Of the 10 S&P 1500 (.SPSUP) sectors, Thomson Reuters StarMine data ranks energy as having the worst analyst sentiment, using a model that lists equities by aggregating metrics that include changes in estimates for company earnings-per-share and revenue.
On Tuesday, energy was dead last, with its components averaging a ranking of 14 out of 100, down sharply from 26 a day earlier. One component, Chevron Corp (CVX.N), the No. 2 U.S. energy company, had a 1 in the Analyst Revision Score, meaning analysts have been more furiously lowering estimates for Chevron than for 99 percent of companies.
EPS estimates for Chevron's fourth quarter have dropped dramatically in the last month. Six different analysts have lowered earnings expectations by an average of 14.3 percent in that time, during which the stock price has actually risen by about 1 percent.
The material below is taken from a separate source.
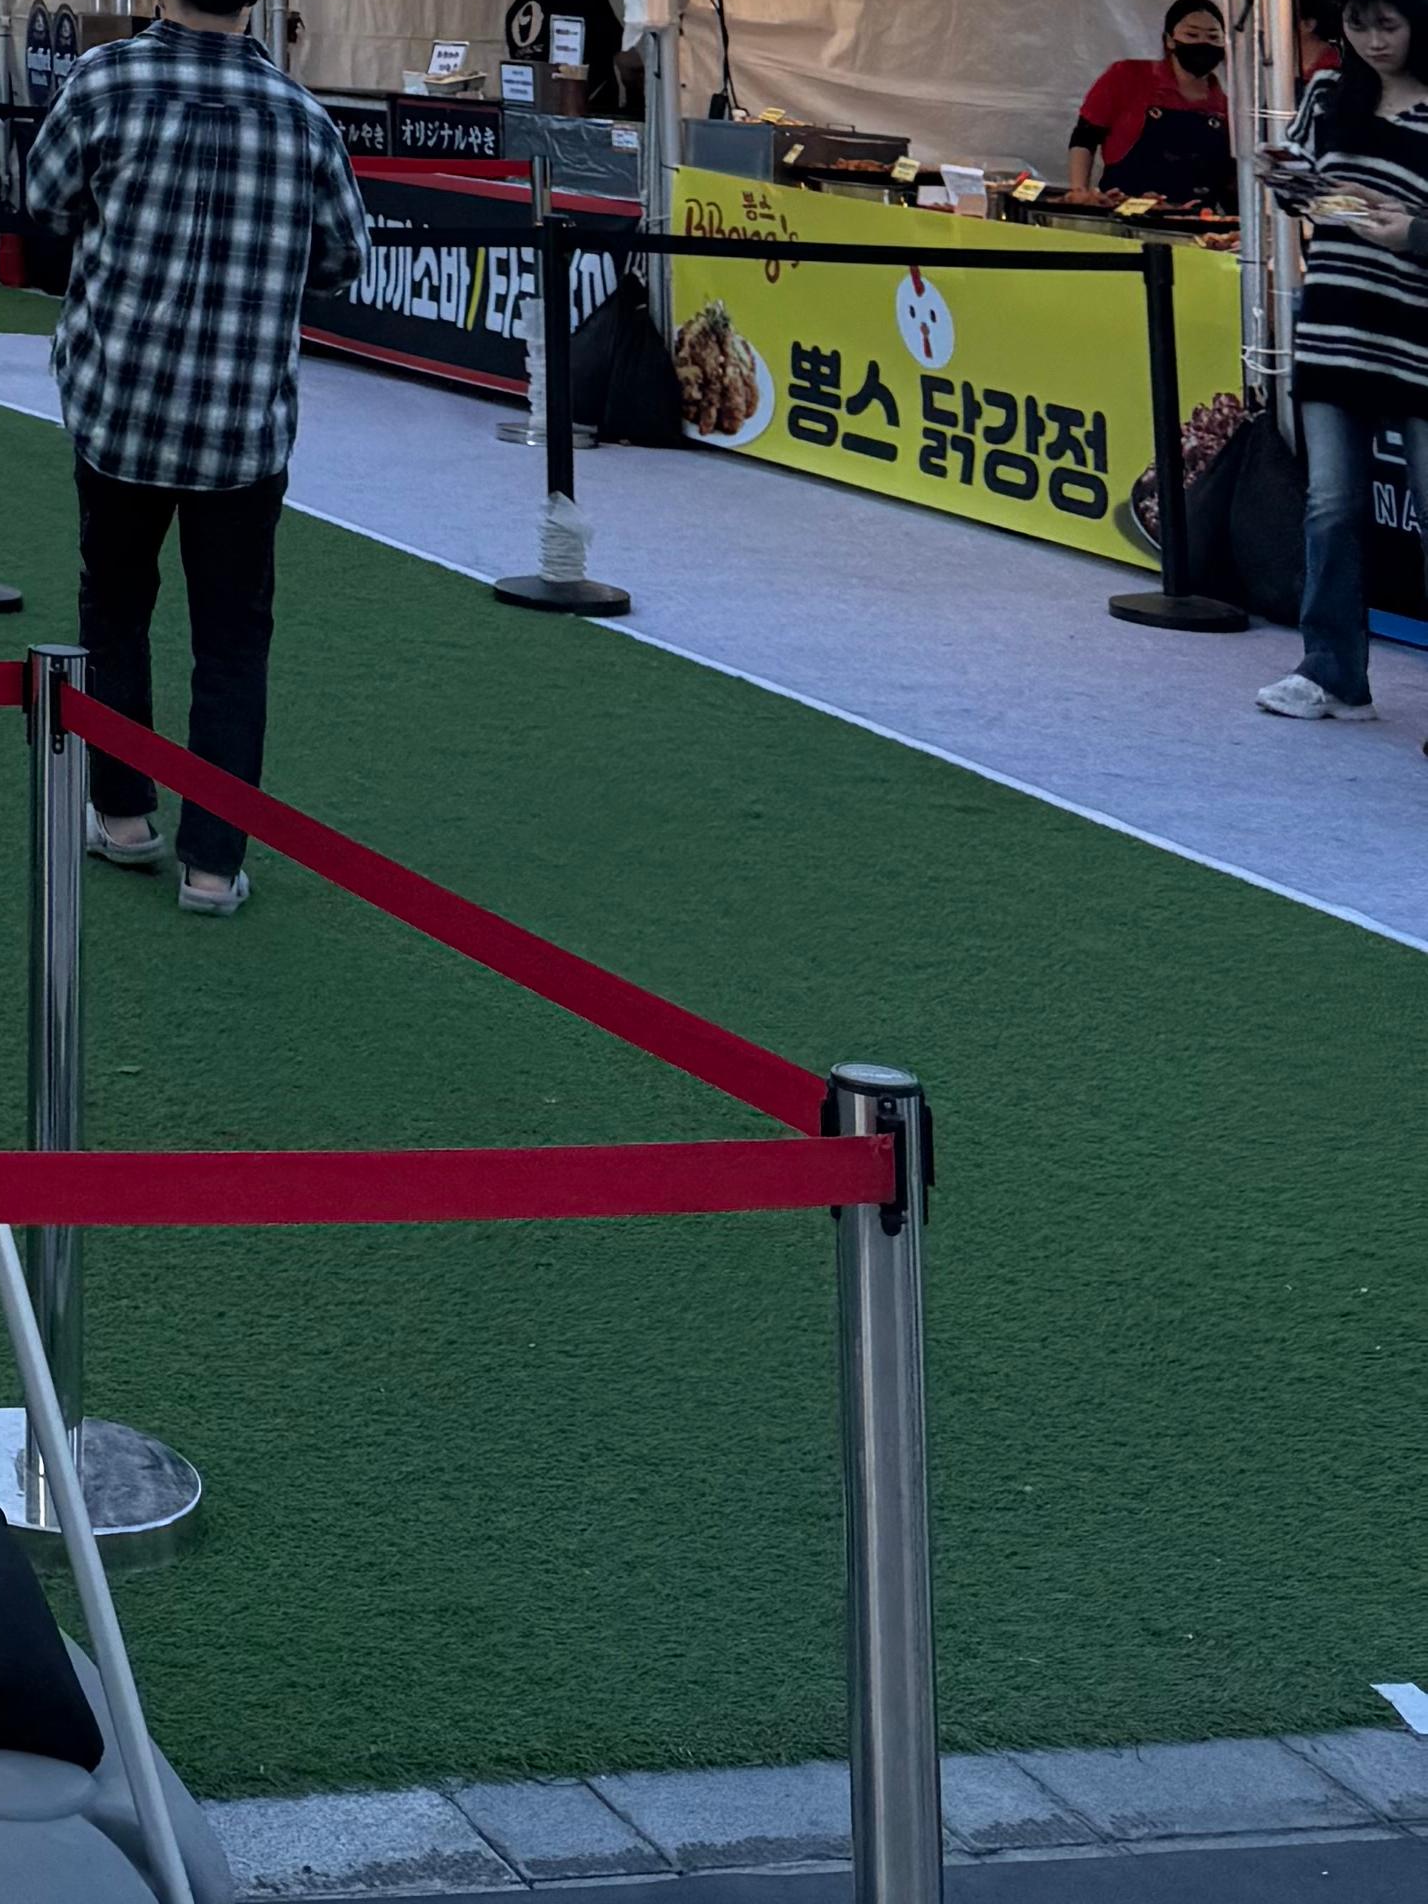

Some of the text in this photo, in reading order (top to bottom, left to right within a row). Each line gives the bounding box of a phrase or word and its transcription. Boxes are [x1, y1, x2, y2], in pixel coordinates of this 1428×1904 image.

[401, 118, 496, 156] オリジナルやき
[788, 341, 1110, 520] 뽕스 닭강정
Six of the largest 10 energy companies, accounting for 33 percent of the sector's market capitalization, have a ranking of 9 or less in StarMine's Analyst Revision Score.
The outlook has continued to worsen as crude futures prices kept sliding to new 5-1/2 year lows. U.S. crude oil recently fell below $50 a barrel after trading above $100 for the most part between February and July of last year. [O/R]
"We believe it is more likely that oil goes to $20 before it goes to $80, and we think that oil prices are likely to remain low for a long time," Brian Reynolds, chief market strategist at Rosenblatt Securities in New York, wrote on Tuesday.
Marathon Oil (MRO.N), Hollyfrontier (HFC.N) and QEP Resources (QEP.N) are among the other handful of energy companies with a 1 Analyst Revision Score.
On Tuesday, Bank of America/Merrill Lynch cut its rating on Chesapeake Energy (CHK.N) and Laredo Petroleum (LPI.N) to "underperform" and EOG Resources (EOG.N), the seventh-largest energy company on the S&P 1500, was downgraded to neutral.
Expected earnings growth for the S&P 500 energy sector's (.SPNY) in the fourth quarter was at -19.8 percent, according to Thomson Reuters IBES data, down from a 6.4 percent growth expectation on October 1. The first quarter looks even worse - an expected decline of 32.2 percent.